Several big businesses have been targeted by hackers in recent months, including Royal Mail, sportswear chain JD Sports and car dealer Arnold Clark. Meanwhile, cyber-crime is estimated to cost the UK an eye-watering £27bn a year – and the threat is rapidly rising.
But it’s not just big businesses like these that are vulnerable. Cyber expert Andrew James tells the Business Cyber Centre that smaller firms are even more at risk.
“SME owners often think cyber-crime won’t happen to them,” says Andrew, who is head of business development at IT support firm Mintivo. “They think it affects large corporations, but actually they are even more at risk. It’s not a case of if a cyber-attack happens, it’s a case of when. Every business will suffer some kind of a data leak or attack at some point.”
Andrew adds that for a company to protect itself and grow, robust cyber-security is essential. Data breaches – like the recent one at WH Smith – can be devastating for a smaller firm. With the potential for fines, disruption to day-to-day activities and even reputational damage, they can even put an SME out of business.
“Data is big business for cyber-criminals,” explains Andrew. “Stolen employee information is often sold on the dark web, and it can then be used to commit identification fraud. The dark web economy is huge and sadly, SMEs are often more of a target for hackers. This is partly because their data may be easier to get at. If they are in a supply chain, they may also have links with bigger organisations and offer a route of entry to them.”
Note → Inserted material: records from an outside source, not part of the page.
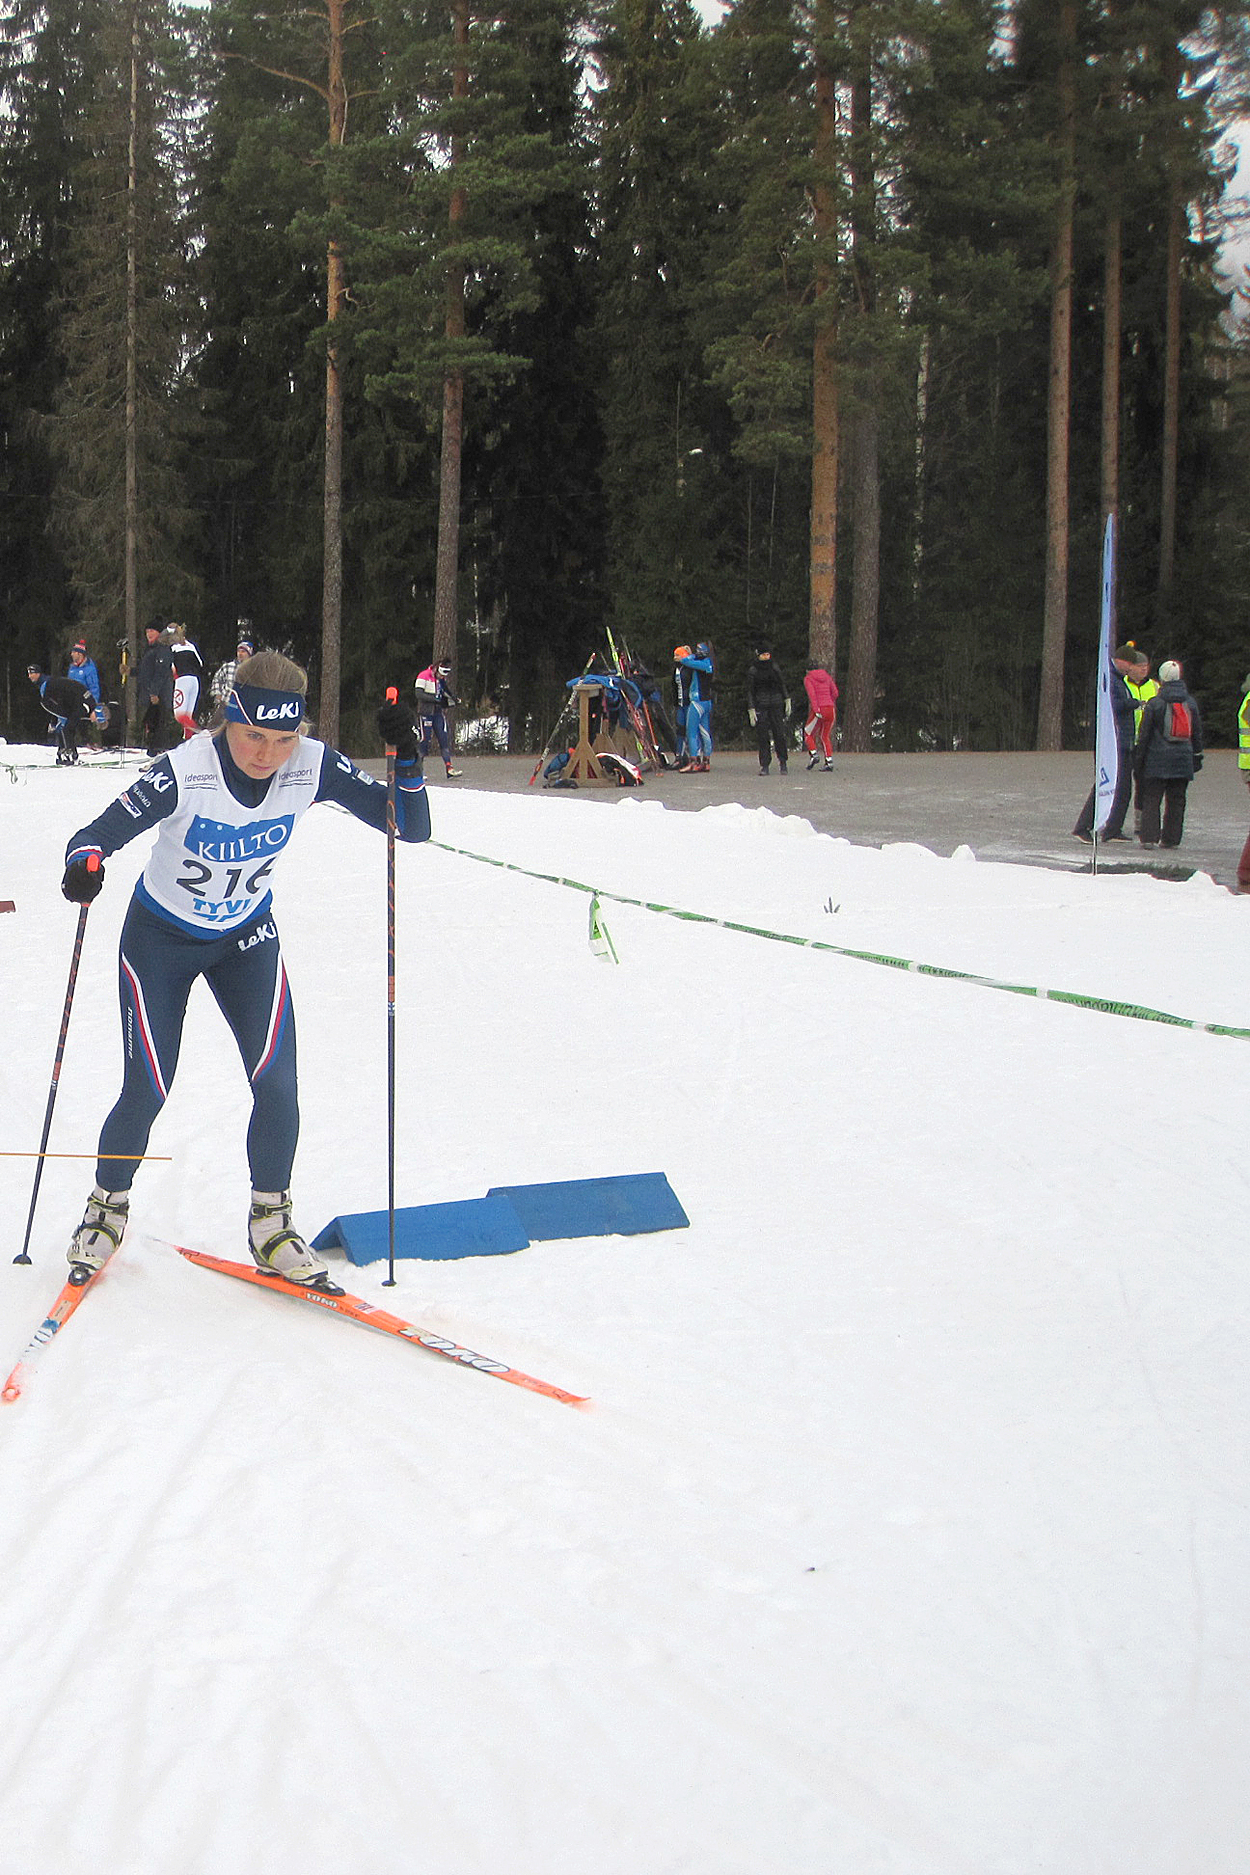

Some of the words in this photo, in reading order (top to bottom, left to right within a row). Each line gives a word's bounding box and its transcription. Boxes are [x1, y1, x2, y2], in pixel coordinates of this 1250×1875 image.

[141, 767, 174, 794] eKi
[198, 824, 288, 861] KIILTO
[176, 856, 276, 898] 216
[193, 898, 252, 914] TYVI
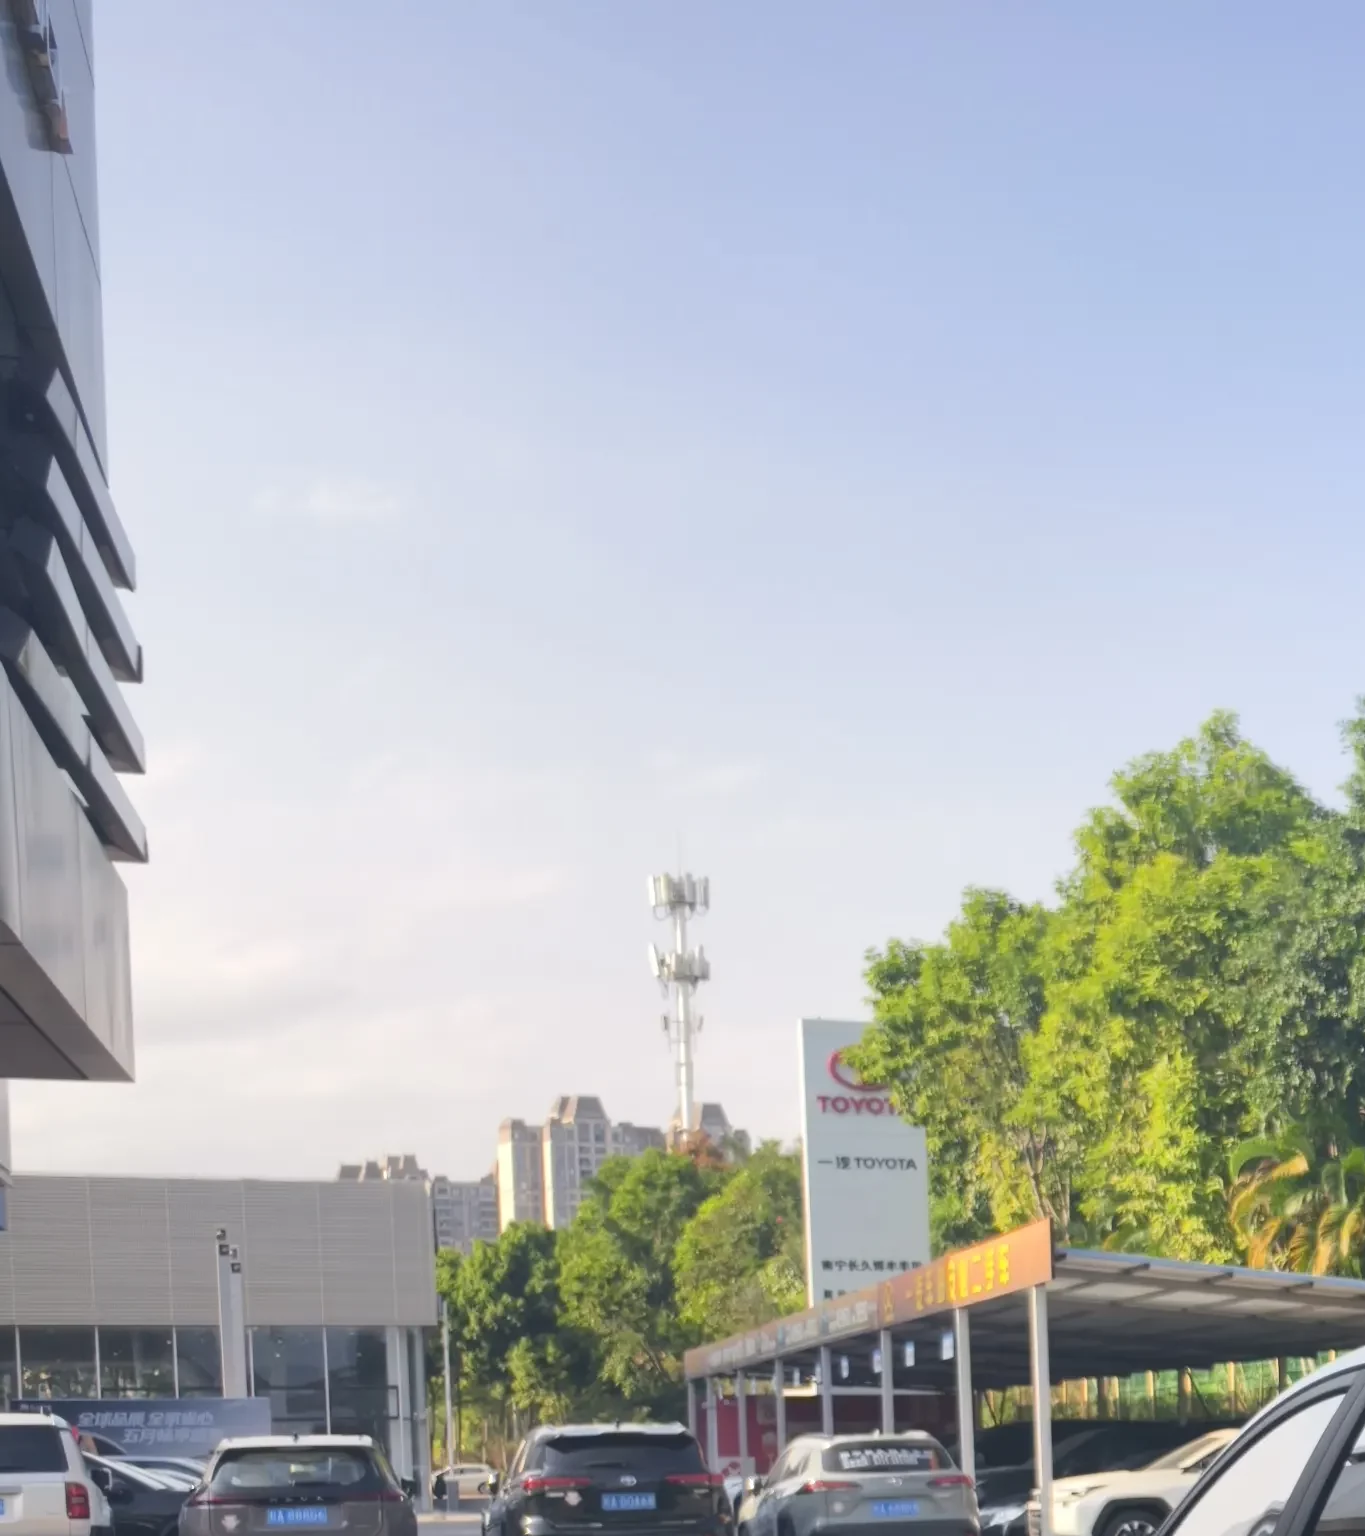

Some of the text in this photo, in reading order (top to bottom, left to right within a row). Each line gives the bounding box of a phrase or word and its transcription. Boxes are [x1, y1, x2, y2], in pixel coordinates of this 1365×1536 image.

[816, 1096, 904, 1116] TOYOT
[817, 1156, 918, 1171] 一汽 TOYOTA
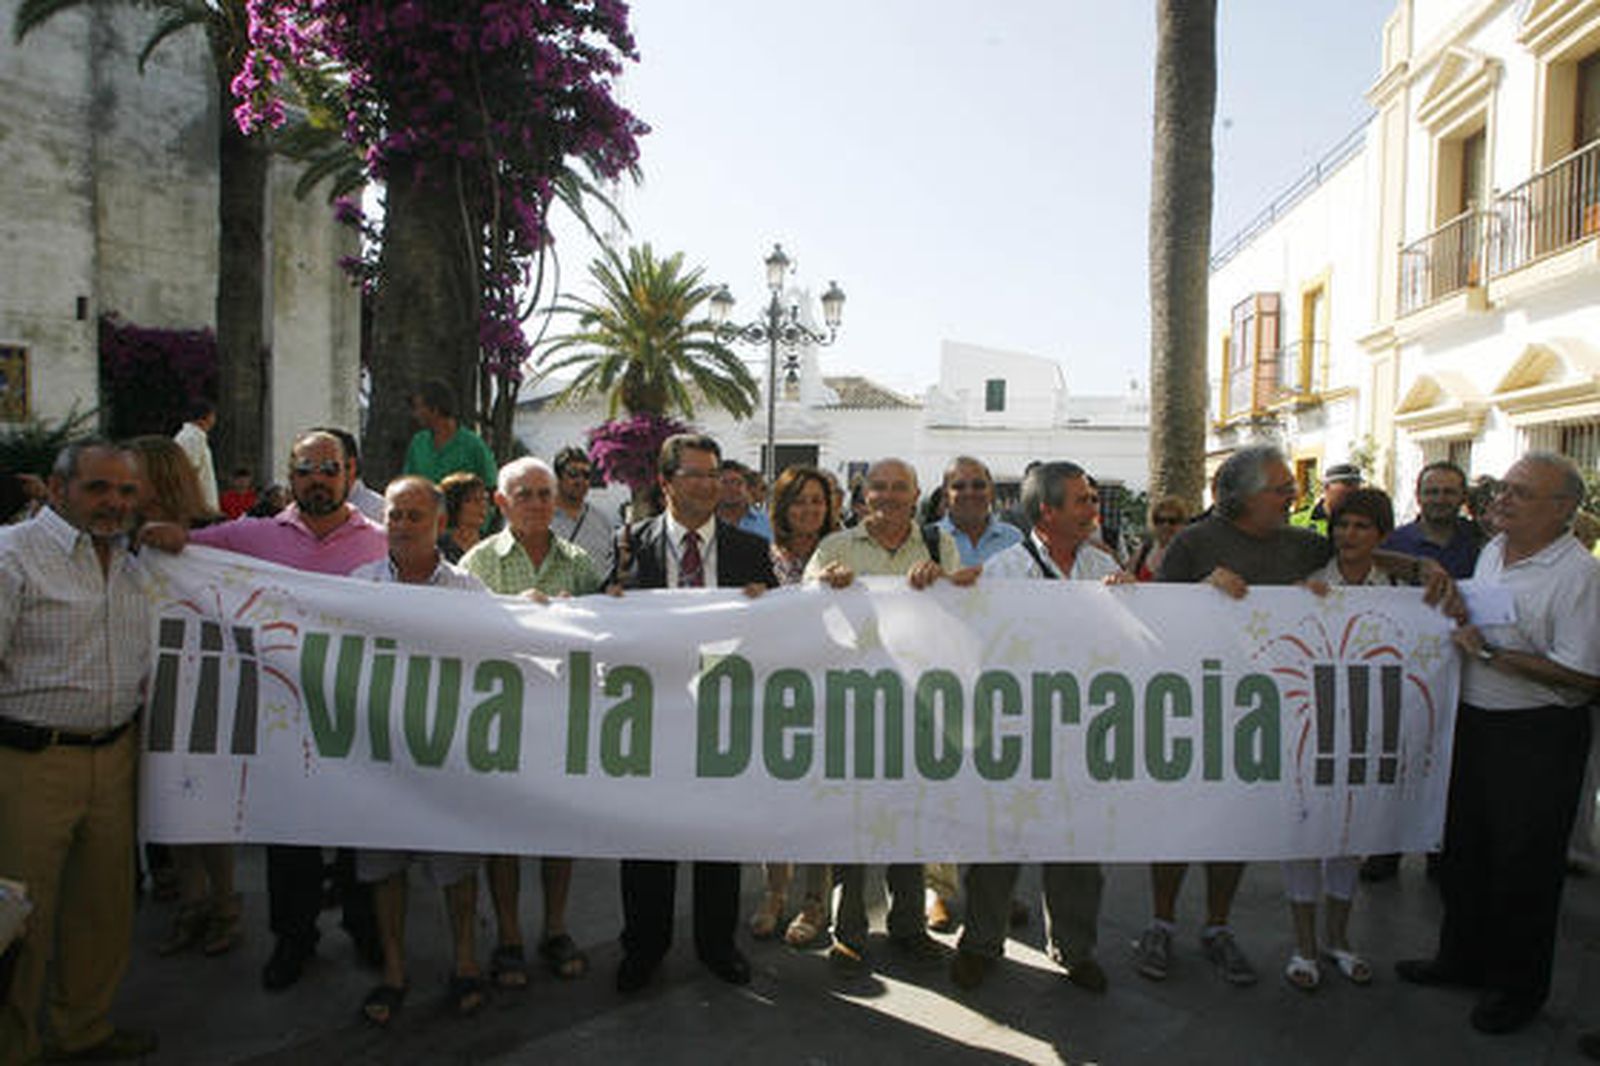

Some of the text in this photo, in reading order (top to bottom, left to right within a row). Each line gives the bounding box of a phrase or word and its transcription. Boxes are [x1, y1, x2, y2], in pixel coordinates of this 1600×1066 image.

[302, 632, 524, 773] Viva
[566, 651, 653, 778] la
[696, 654, 1281, 784] Democracia
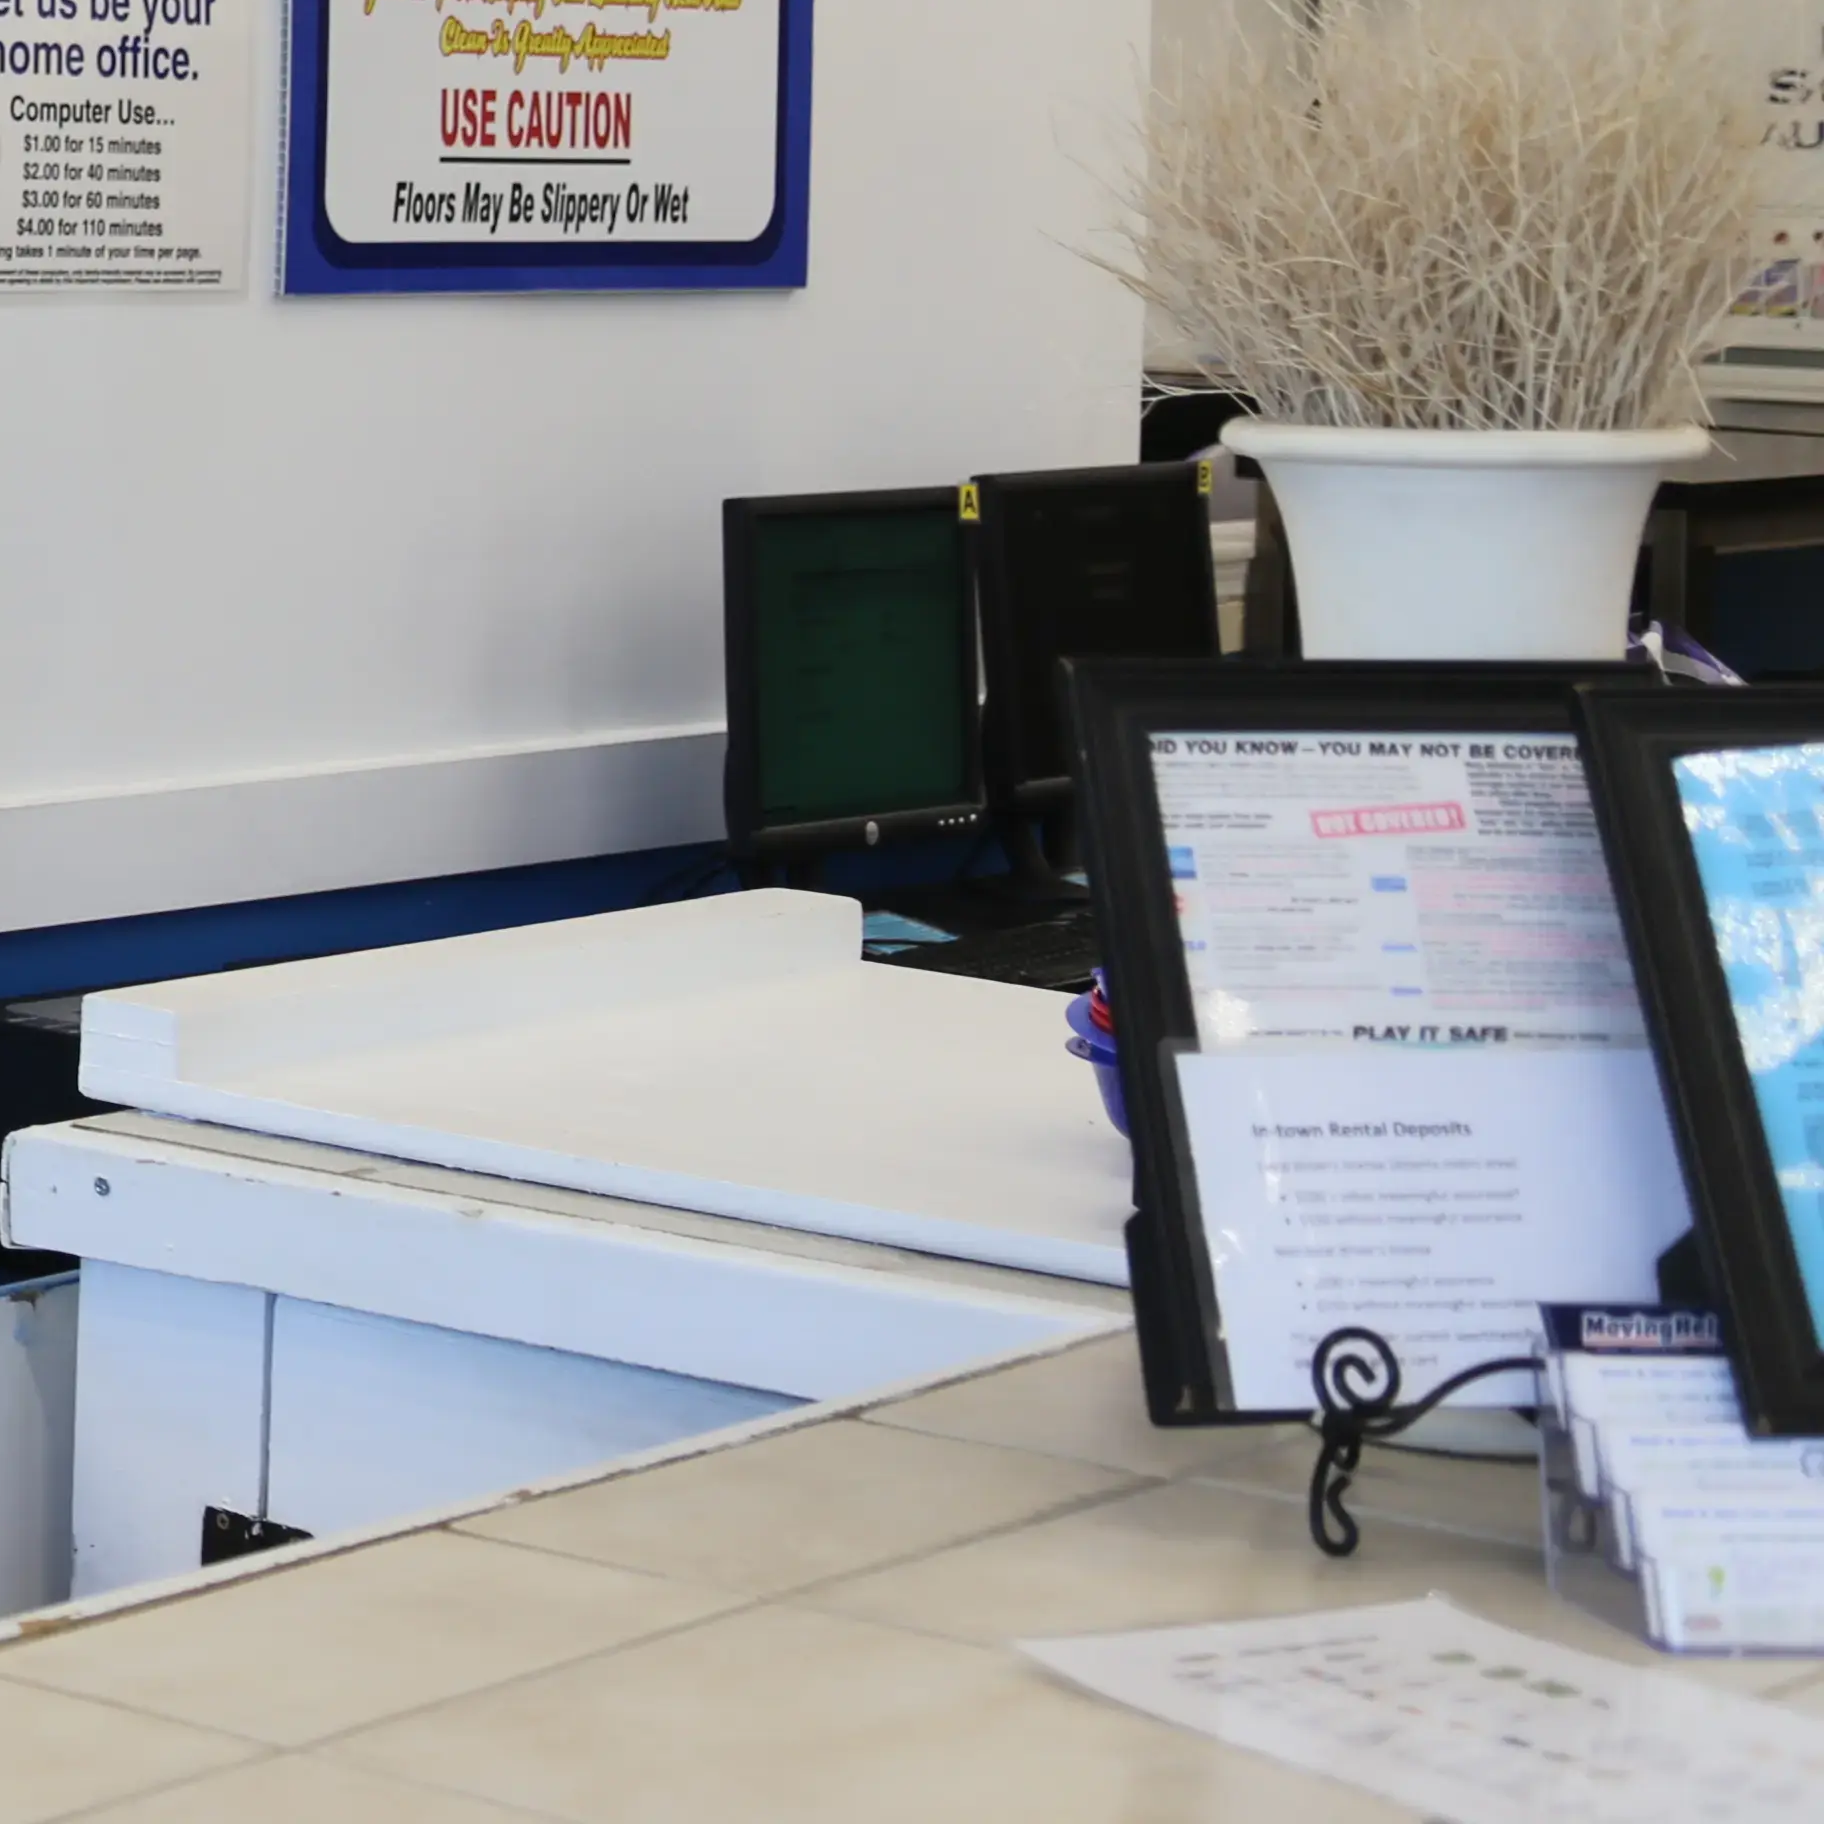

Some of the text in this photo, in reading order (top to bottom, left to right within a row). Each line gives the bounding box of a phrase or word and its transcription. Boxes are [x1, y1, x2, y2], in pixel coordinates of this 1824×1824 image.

One positive message to come from the incident at WH Smith is that it hasn’t affected trading or its website. “There has been no impact on the trading activities of the group,” said the retailer. “Our website, customer accounts and underlying customer databases are on separate systems that are unaffected by this incident.”
Indeed, this highlights precisely why it’s so important to segment your network. In the event of a cyber-attack, it limits the potential for damage – a little like shutting the fire doors in a building slows the spread of the flames.
“Employees don’t generally need access to all the data in your system,” says Andrew. “In every business, it’s vital to think about who requires access to what information. Once you’ve established this, you need to segment the system down. For example, you ensure that people in finance only have access to finance information, and not marketing data. That way, if finance is hacked, criminals can only access a limited amount of information.”
Andrew adds, “Every business should have the right security controls to protect it from hackers. It’s about investing in the right systems and resources, thinking about your data – and about how it’s backed up.
“IT and Cyber-security are often seen as a costly hassle or frustration, but they shouldn’t be an afterthought. After all, this is what keeps your business online, drives efficiency and protects the data that’s created as you grow.”